Here's the other part of this conclusion I find frustrating: How the current extinction rate is being calculated. It is based upon double and triple digits of species in each group (of vertebrate animals) having gone extinct both since 1900 and since 1500. Essentially, it uses these numbers from the vertebrate animals we know about that have gone extinct to extrapolate about the general overall extinction rates on Earth.
Articles and books that use this "1000x the usual background rate" statistic present it as some kind of ongoing process that is ruthlessly proceeding forward as we speak. But it is derived from scientists going, well, we predicted 1 or 2 extinctions for every 10,000 species per 100 years, but 100-something went extinct since 1900 that we know of, so this means the "current extinction rate" has changed to be a thousand times what it was.
I'm not great with math. But these numbers seem...coarse. Does that make any sense?
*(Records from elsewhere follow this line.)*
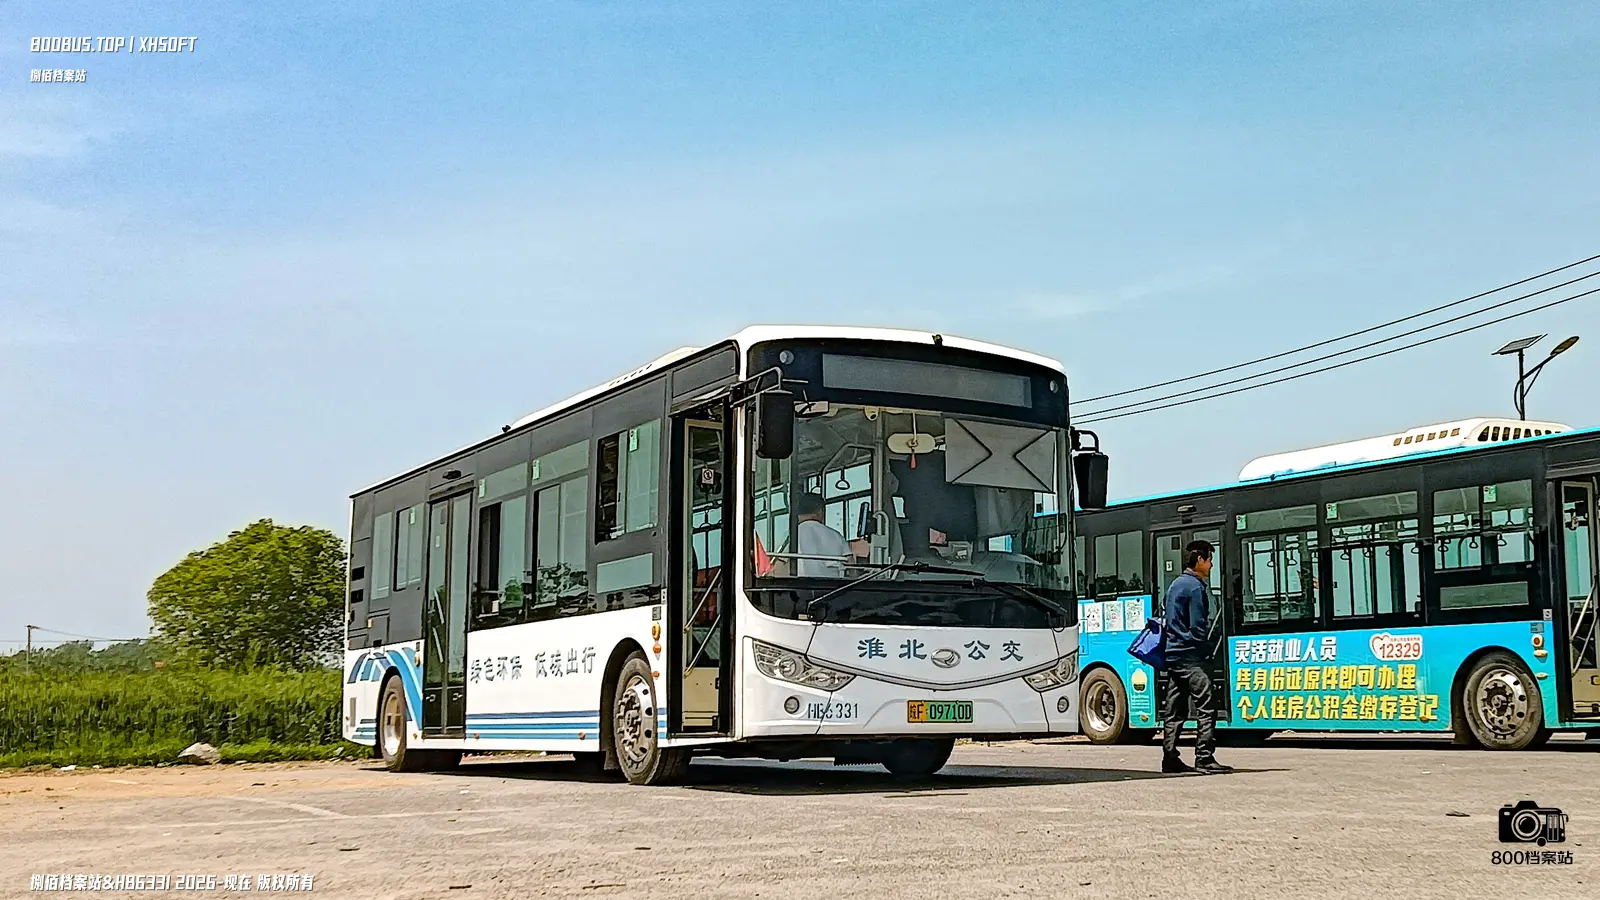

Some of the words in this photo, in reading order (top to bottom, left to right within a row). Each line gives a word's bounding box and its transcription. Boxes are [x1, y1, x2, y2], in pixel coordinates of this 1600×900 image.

[1234, 636, 1337, 664] 灵活就业人员
[1379, 642, 1421, 659] 12329
[470, 655, 522, 684] 绿色环保
[534, 646, 596, 678] 低碳出行
[1236, 664, 1417, 691] 凭身份证原件即可办理
[1237, 694, 1439, 721] 个人住房公积金缴存登记
The species that went extinct are each specific cases that we know about, and when you take these individual cases and multiply them by big numbers and divide those big numbers to get something like "20 species are going extinct every day!!" that seems wildly irresponsible. People are reading that and thinking, "Oh God, every single day more frogs and fishes and bees are gone forever" when there was such a large margin of error involved in each step of getting there that the final number is almost worthless.
And here's the BIG, HUGE, MASSIVE PROBLEM: The study treats the "extinction rate since 1900" as the same as "extinction rate today." The design of the study totally disregards ALL CONSERVATION EFFORTS AND ENVIRONMENTAL PROTECTIONS because it assumes that human impact on the environment in all times since 1900 is the same as human impact on the environment today.
It is baked into the design of the study that the conclusions will assume wildlife conservation is happening to a much lesser degree than it actually is, because it uses the time when there were no protections for wild creatures or consequences for slaughtering them in mass numbers and dumping toxic deadly chemicals in waterways to draw its conclusions on what's happening "Now."
Environmental damage is still continuing, but it is not right to terrify people by treating species extinction as a steadily ongoing thing that has "risen" since 1500 because of broad forces that have stayed totally consistent, rather than something that happened for specific reasons in each case and can be prevented from happening. I have no doubt that species are still going extinct, but so many have been saved and are recovering, and it really matters that effort has been put into preserving them.